== DATASET RECORDS

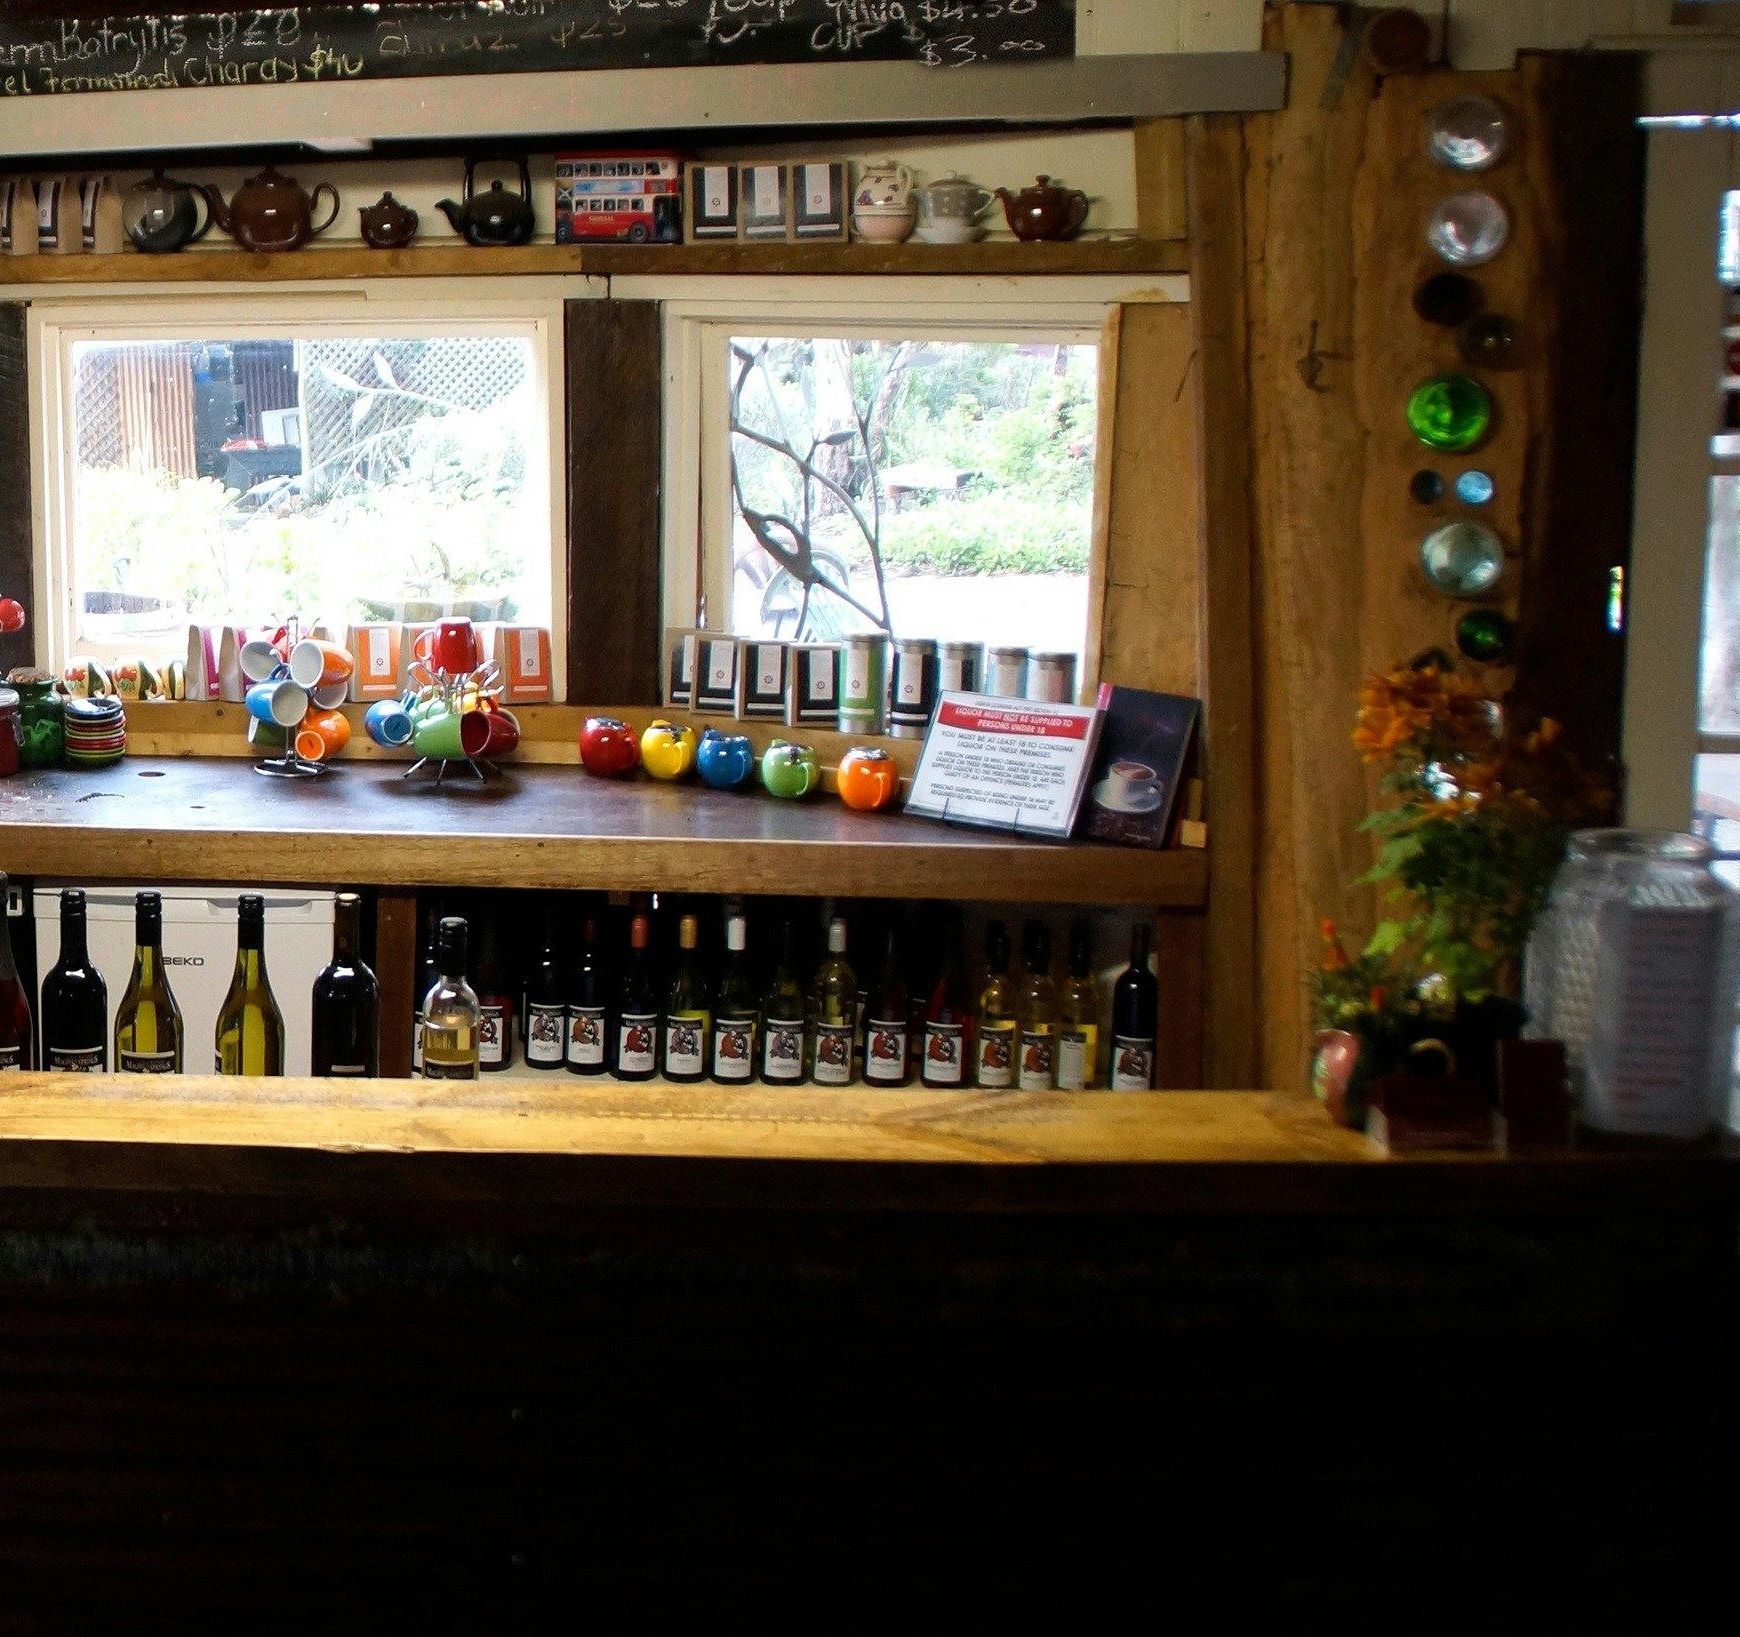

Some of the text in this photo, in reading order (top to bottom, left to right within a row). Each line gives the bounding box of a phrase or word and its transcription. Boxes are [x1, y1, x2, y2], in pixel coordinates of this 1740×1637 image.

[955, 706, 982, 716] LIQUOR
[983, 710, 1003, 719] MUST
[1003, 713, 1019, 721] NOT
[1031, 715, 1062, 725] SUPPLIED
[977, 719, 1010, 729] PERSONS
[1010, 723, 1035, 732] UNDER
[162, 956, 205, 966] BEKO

====

WHAT TO PRODUCE: Please retype the whole of the data precisely, omitting pictures.

EXERCISE SOLUTION:
Some of the text in this photo, in reading order (top to bottom, left to right within a row). Each line gives the bounding box of a phrase or word and its transcription. Boxes are [x1, y1, x2, y2], in pixel coordinates of this 1740×1637 image.

[955, 706, 982, 716] LIQUOR
[983, 710, 1003, 719] MUST
[1003, 713, 1019, 721] NOT
[1031, 715, 1062, 725] SUPPLIED
[977, 719, 1010, 729] PERSONS
[1010, 723, 1035, 732] UNDER
[162, 956, 205, 966] BEKO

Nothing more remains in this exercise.